第3話 ディアボロ・イツキのダンじょん探訪

 

 次の日。


 ダンジョンの創造とは会社の開業に似ている。

 まず必要なのは場所である。最近ではインターネットの普及により、小さなオフィスやはたまた、ノートパソコン一つが会社の所在になれるのだが、ダンジョンではそうもいかない。

 

 ダンジョンを創る物件探し。

 今、二人は『スライムさんの村』から西の方角へ半日かけて移動していた。

 名も無い森。多く生息する魔物から土地が呼ばれることがあるが、それならば『ゴブリンの森』と愛称になるだろう。

 ごくありふれた森である。


 余談だが、昨日、ウィッチの診療所から宿屋へ場所を移すと、診断結果をサキュバスへ説明した。

 サキュバスはだいたい予想していた通りだと言い、動揺を見せなかった。

 むしろ、好きな男子と同室ということに動揺しているようであった。

 初心な淫魔である。


 サキュバスの方からも謝罪があった。

 それは、【魅了】の影響で素直になっているのかもしれないが、少しでも改心するきっかけになるといいなとイツキは思う。


 同室にしたのは決していやらしい思いがあったからではない。

 一千万コインが必要と聞き、少しでも節約が必要だとおもったからだ。

 宿屋の親父が言った「お盛んなのはいいが、静かにしてくれよ」という言葉は敢えて聞こえなかったフリをしておく。


 もちろん、夜も何もなかった。

 サキュバスも自身の感情が【魅了】の所為だと自覚すると、胸の奥からたぎる欲求を制止させるのに必死なようであった。
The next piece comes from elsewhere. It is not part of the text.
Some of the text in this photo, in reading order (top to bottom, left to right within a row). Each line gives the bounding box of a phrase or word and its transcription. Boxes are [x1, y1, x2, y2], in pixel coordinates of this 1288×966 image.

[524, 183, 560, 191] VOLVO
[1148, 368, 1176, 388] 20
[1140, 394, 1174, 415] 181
 イツキがベッドで寝るとなんだか襲われそうな雰囲気だったので、ベッドはサキュバスに譲り、イツキはかばんを枕替わりにして床で寝た。

 『臥竜洞窟』の岩盤より柔らかい木の床はなかなか寝心地がよかった。そのお陰か、腰と肩甲骨辺りが非常に痛い。


 サキュバスも申し訳なさそうな様子であり、ベッドで一緒に寝てもよいと言ってくれたが、その目は血走っていたので怖かった。

 欲求とは怖いものである。


 朝一にダンジョンの物件探しに出ることになり、チェックアウトと共にこの森へと足を歩ませたのであった。
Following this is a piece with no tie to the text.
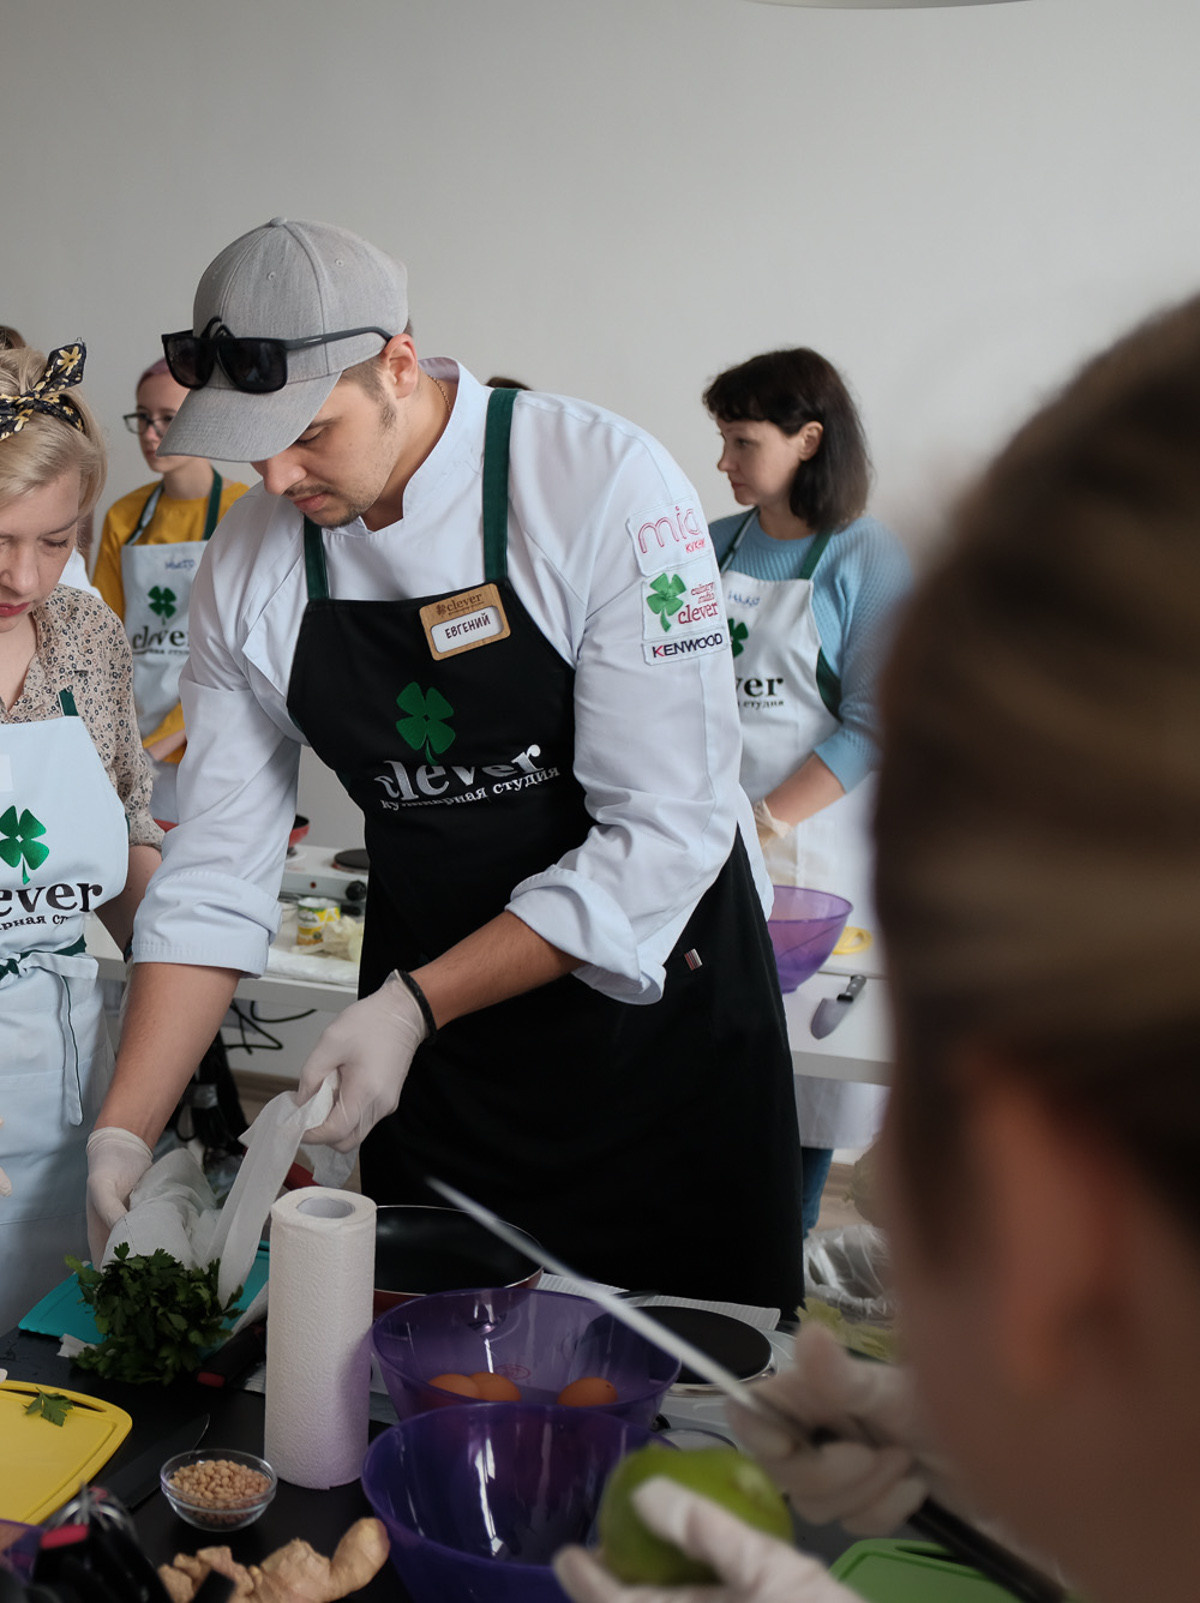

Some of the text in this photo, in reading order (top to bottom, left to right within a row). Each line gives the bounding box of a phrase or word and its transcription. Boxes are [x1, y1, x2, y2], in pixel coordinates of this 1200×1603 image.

 しかし、チェックアウトの時に宿屋の親父が不満そうに「昨晩はお楽しみでしたね」と皮肉めいて言ってきた。

 こいつ覗いていたのか。レビューを星一つにしておこうか。


 さて閑話休題、サキュバスの案内で昔ダンジョンだった洞窟を目指している。

 先行するサキュバスの手には『スライムさんの村』で見つけたダンジョン情報誌のフリーペーパーがある。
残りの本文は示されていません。